= Beginning of Section =

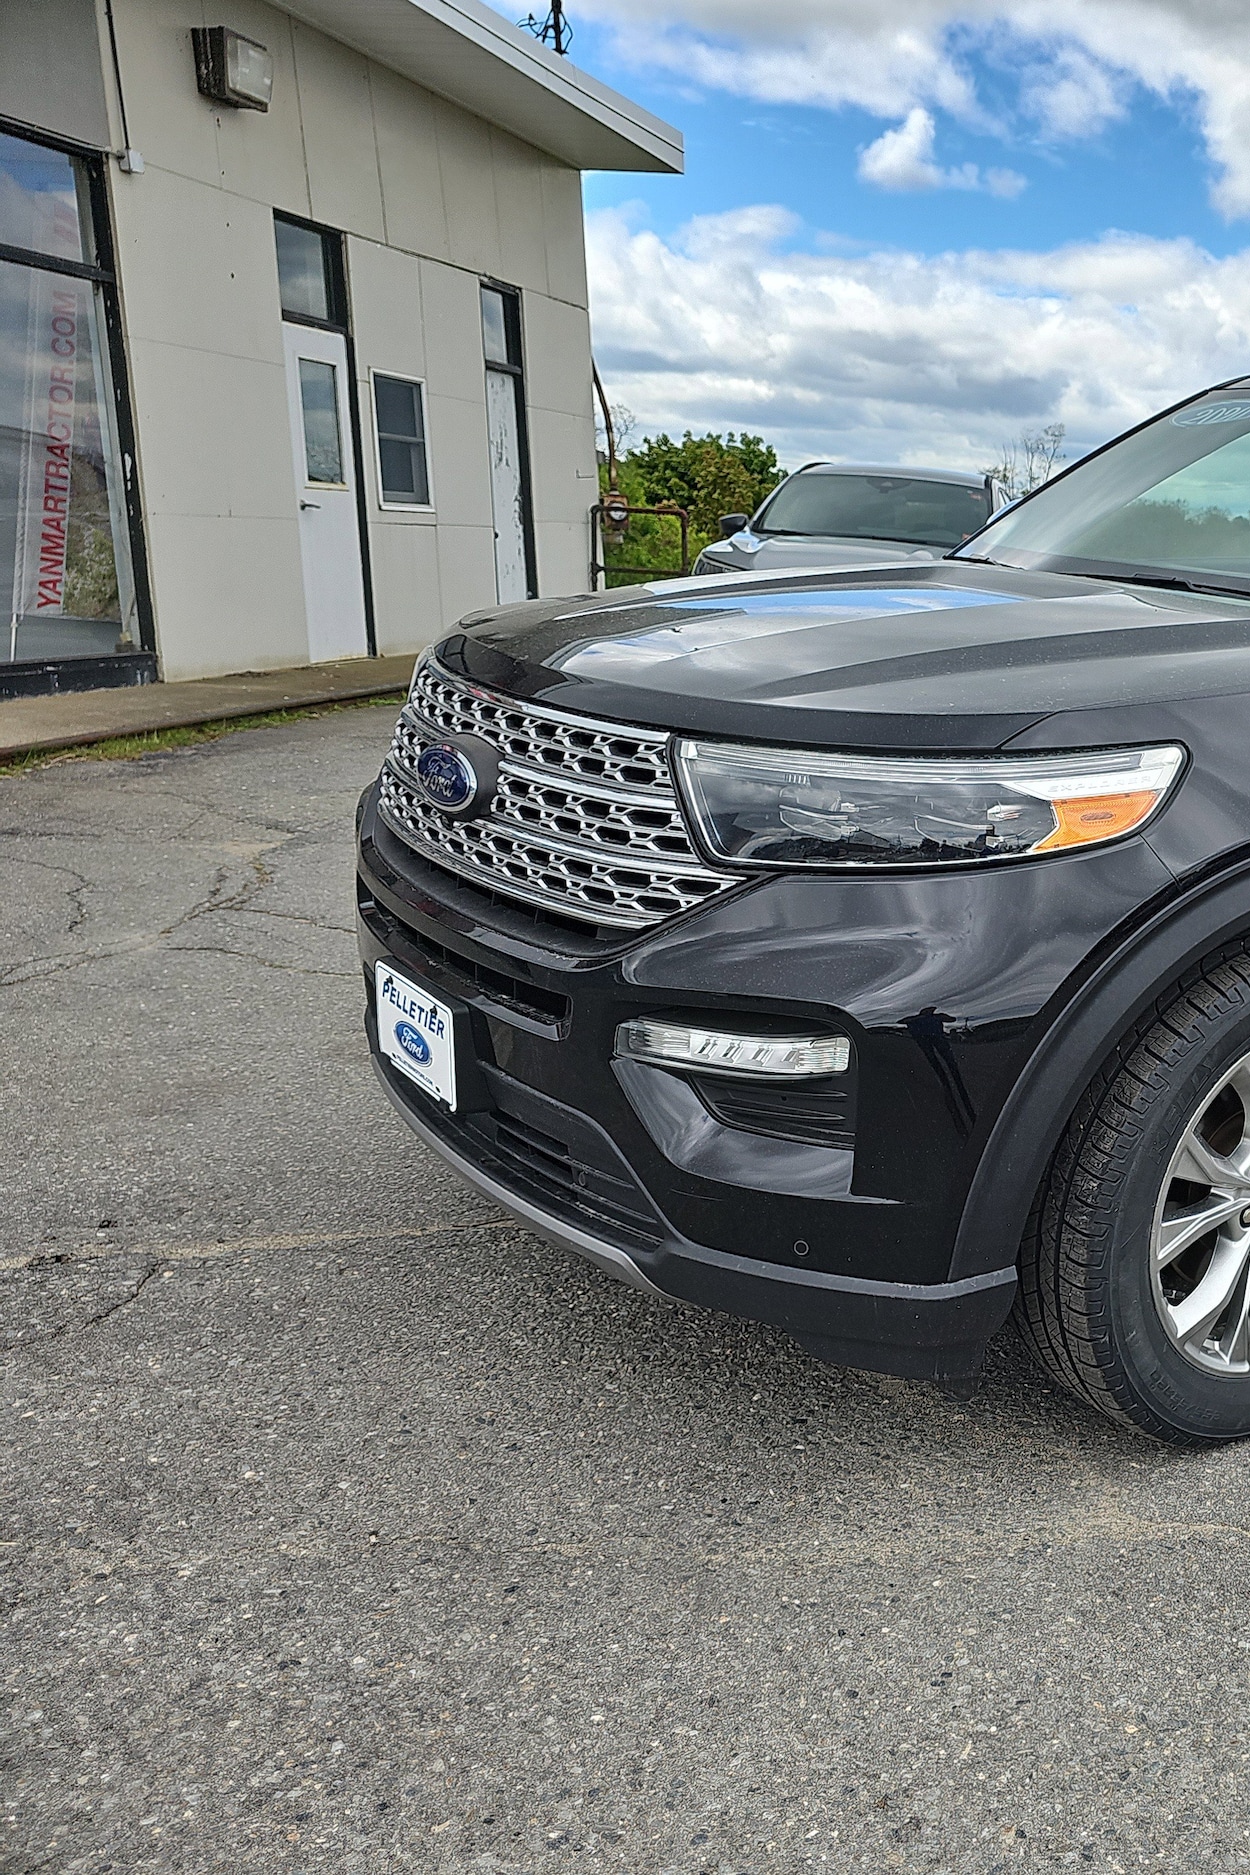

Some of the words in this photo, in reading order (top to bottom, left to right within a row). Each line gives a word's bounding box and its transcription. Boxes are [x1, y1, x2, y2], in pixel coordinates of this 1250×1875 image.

[37, 290, 77, 609] YANMARTRACTOR.COM
[423, 756, 457, 798] Ford
[1048, 776, 1151, 793] EXPLORER
[382, 980, 445, 1040] PELLETIER
[401, 1026, 424, 1060] Ford

= End of Section =

**Work task**
Replicate the material above verbatim; images stay out of the copy.

**Answer section**
Some of the words in this photo, in reading order (top to bottom, left to right within a row). Each line gives a word's bounding box and its transcription. Boxes are [x1, y1, x2, y2], in pixel coordinates of this 1250×1875 image.

[37, 290, 77, 609] YANMARTRACTOR.COM
[423, 756, 457, 798] Ford
[1048, 776, 1151, 793] EXPLORER
[382, 980, 445, 1040] PELLETIER
[401, 1026, 424, 1060] Ford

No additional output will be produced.